When Danielle Maddon, concertmaster of the New England Philharmonic, first laid eyes on the block prints of Gloucester’s Folly Cove Designers, she heard music from the world’s most celebrated composers flow through her mind.
She and a friend had been visiting museums all around the region, and last fall, they landed at Cape Ann Museum in the heart of Gloucester.
“I could hear the music as I saw the images,” Maddon said. “I said to my friend, this is Bach’s ‘Air on the G String,’ or this is a Haydn rondo, or this is exactly like the second movement of the Ravel String Quartet.”
Now a year later, the New England Philharmonic Chamber Players and the Cape Ann Museum will present a special concert, “The Power of Pattern,” on Saturday at the Gloucester museum.
The concert was inspired by the Folly Cove Designers Collection at the museum and will be performed by the New England Philharmonic Chamber Players’ Principals String Quartet, which features Maddon and John Lyneis on violins, Jamie Doyle on viola, and Jason Coleman on cello.
“We are always looking for opportunities to combine music with art,” Maddon said.
She and Ann Teixeira, a museum member and the board vice president of New England Philharmonic, journeyed through the varied exhibitions at Cape Ann Museum during their visit.
“I had no idea this museum is a jewel box, a true treasure trove,” Maddon said. “There we were gazing around the glorious oil paintings and seascapes, and then we went down the stairs to the room with the textiles and linoleum block prints. It was sort of love at first sight.”
Saturday’s concert is being offered in conjunction with the special exhibit “The Little House: Her Story,” which highlights the talents of children’s author/illustrator Virginia Lee Burton of Gloucester and her award-winning book. The exhibit opens on Saturday, Nov. 3, and runs through March 31. Burton was the founder of Folly Cove Designers.
During the concert, images of the work of Folly Cove Designers will be displayed on a screen while the musicians perform works by composers spanning hundreds of years from the 17th to the 20th centuries.
Maddon said that the Folly Cove Designers organized their textile patterns with many of the same design principles used by the great composers in classical music. The concert program will feature music by Haydn, Bartok, Purcell, Bach, Dvorak, Janacek, Arensky and Ravel.
The string quartet will demonstrate how music and art in their essence share similar principles in composition. The patterns in the musical selections will be juxtaposed with patterns in works by the Folly Cove Designers.
“The prints are so exuberant and vivacious. They are refined and elegantly done,” Maddon said. “Their subject matter of daily life — somebody’s rooster, somebody’s garden — is so exquisitely rendered. You just have to say bravo to them.”
The Folly Cove Designers worked between 1938 and 1969, producing designs cut into linoleum blocks and printed primarily on fabric.
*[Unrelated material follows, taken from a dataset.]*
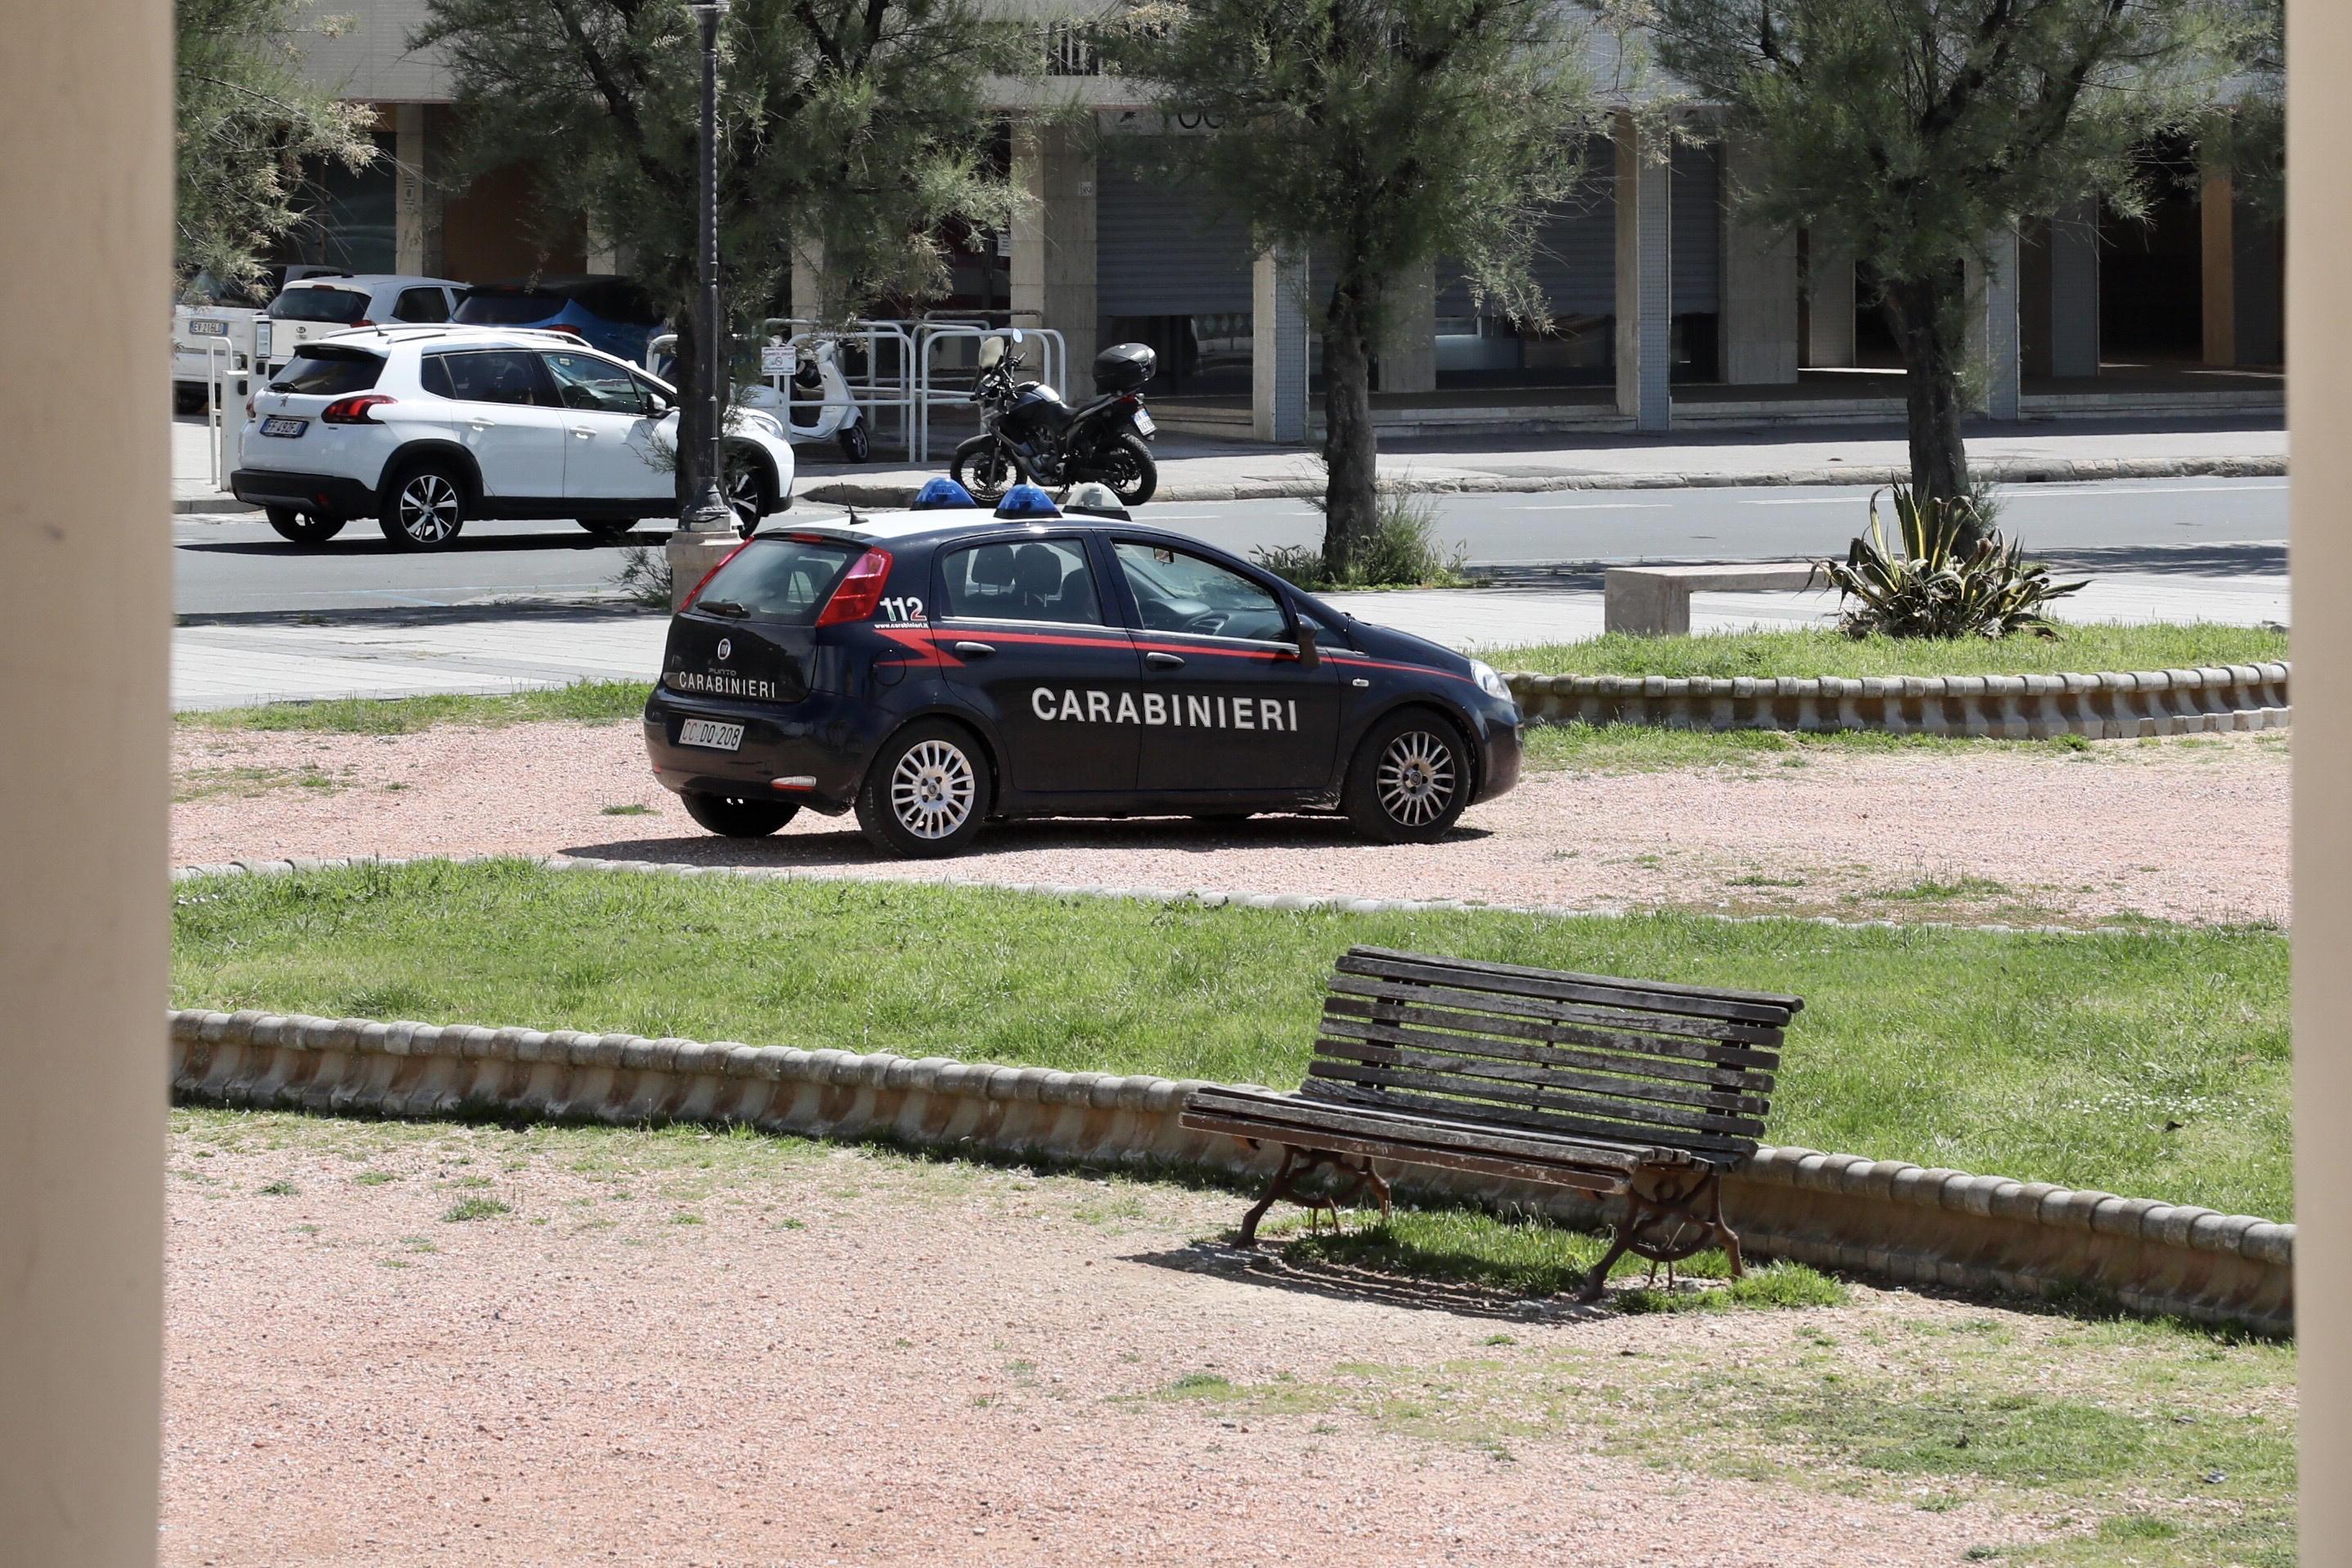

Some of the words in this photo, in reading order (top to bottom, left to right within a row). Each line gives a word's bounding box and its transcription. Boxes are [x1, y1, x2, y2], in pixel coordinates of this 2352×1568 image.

The majority had no previous artistic training prior to becoming involved in the group of friends and neighbors, led by Burton.
Burton urged the designers to find inspiration in their surroundings, drawing “what they knew” and to sketch their subjects repeatedly.
“Each print is an exquisite snapshot of the artist’s life and experience,” Maddon said. “They are in Cape Ann, so it’s locally specific and witty and so deeply felt.
“But what just walloped me was how the organization of their ideas is like many of the same principles that classical composers use to craft their ideas into music, from minuets to symphonies,” she said. “These musical patterns have come down to us through the ages. It’s about subject, contrast and return of the subject, which is the same ABA form we use in music. It’s about the grammar of design.”
Maddon said that the musicians are eager to share their excitement with the audience about these artistic and musical parallels.
“It’s really remarkable when you see the commonality, and you see we are not so different in the arts,” she said. “We are responding to repetition and contrast in its various interpretations, as we do in grammar. When you want people to remember something, you repeat it, like a radio station giving you its call sign, or our mothers telling us constantly to wash our hands before dinner. Repetition really gets the idea across.”
Cape Ann Museum hosts a variety of musical programs throughout the year.
“Over the years, we’ve learned that the combination of visual art and music make for a transporting experience,” said Ronda Faloon, director of Cape Ann Museum. “We are looking forward to this unique performance.”
If you go
What: New England Philharmonic Chamber Players: “The Power of Pattern”
When: Saturday, 7 p.m.
Where: Cape Ann Museum, 27 Pleasant St., Gloucester.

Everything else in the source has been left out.